The financial landscape for small UK businesses is increasingly troubled as bad debts continue to mount. According to Bibby Financial Services’ latest report, the value of bad debt has surged by an astonishing 127%, forcing businesses to write-off substantial sums, which now average nearly £40,000 each year. This is a stark increase from the £17,500 average recorded in the previous spring, reflecting the growing financial turmoil.
Adding to the concern is the significant rise in non-payment issues. Currently, 40% of small and medium enterprises (SMEs) are facing challenges with non-payment, a noticeable increase from the 30% reported earlier in the year. These figures are indicative of the mounting pressures within the supply chain, as businesses struggle to reconcile outstanding invoices.

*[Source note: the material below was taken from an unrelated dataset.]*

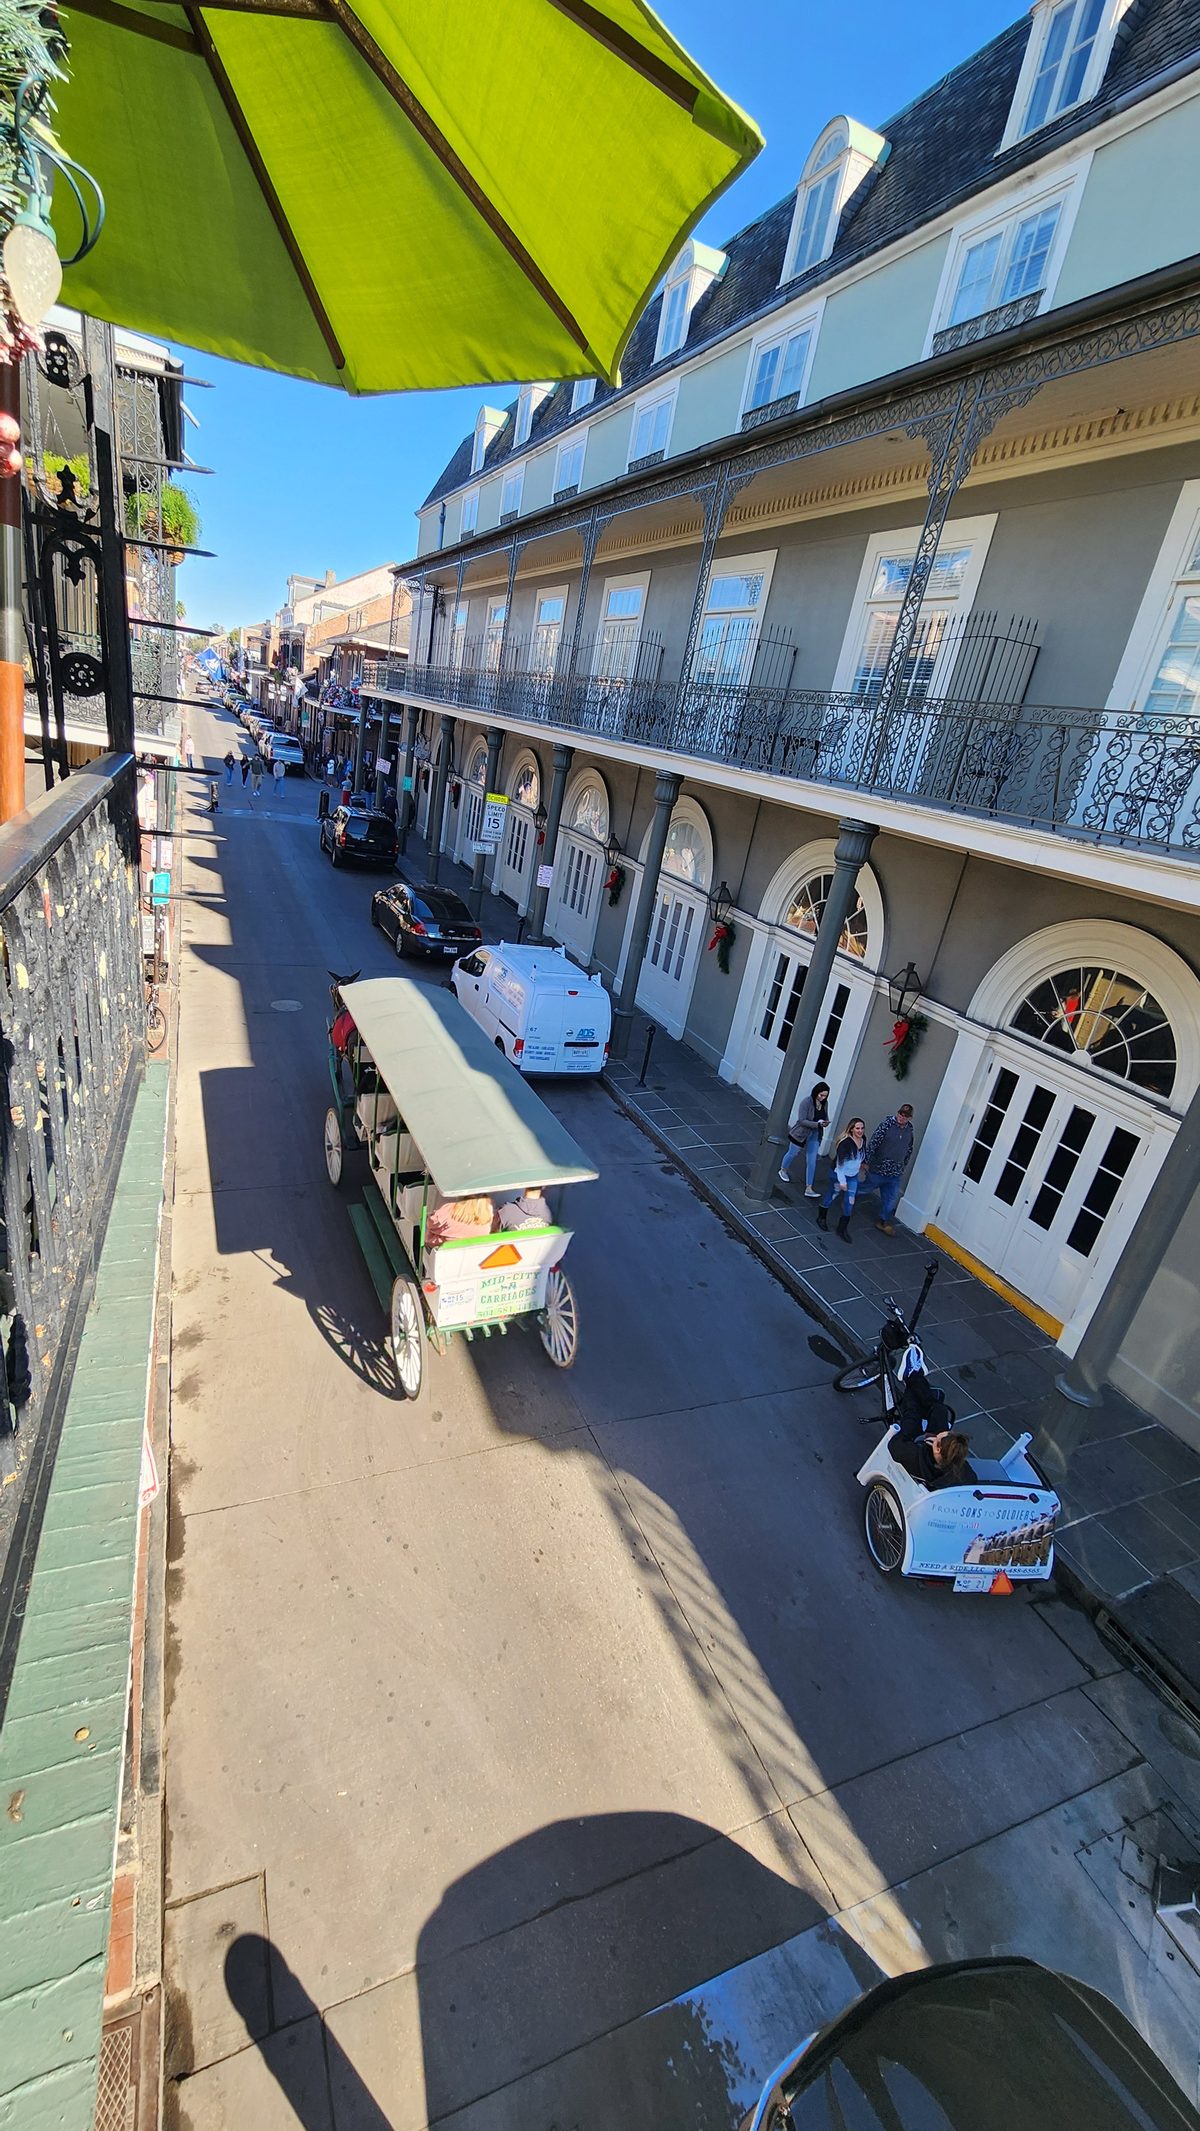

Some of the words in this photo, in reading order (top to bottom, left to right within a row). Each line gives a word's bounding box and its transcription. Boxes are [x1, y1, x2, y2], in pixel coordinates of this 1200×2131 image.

Ahead of the Government’s introduction of the Fair Payment Code, which is designed to address such monetary concerns, the disparity in payment times between businesses becomes more apparent. Many businesses fall into late payment practices, not through intention, but through necessity, often to maintain their cash flow and ensure critical financial obligations are met. This highlights a systemic issue within the industry that needs addressing to prevent further economic disruption.
Jonathan Andrew, the CEO of Bibby Financial Services, has termed the situation a “supply chain disaster waiting to happen”. He emphasises that bad debt acts as a “hidden assassin”, capable of causing extensive damage to SME supply chains if not properly managed. He suggests that injecting working capital more swiftly into supply chains is paramount to insulating smaller businesses from these financial shocks.
Moreover, data from the Federation of Small Businesses supports these observations, noting that late payments result in the closure of approximately 50,000 businesses annually. Despite a slight 9% drop in corporate insolvencies between July and August 2024, these remain troublingly higher than pre-pandemic levels. The data reveals that more than half of SMEs have witnessed at least one supplier (58%) or customer (56%) going insolvent recently, further illustrating the precariousness of the current business environment.
Without effective intervention, the rising bad debt crisis may have severe implications for small business supply chains.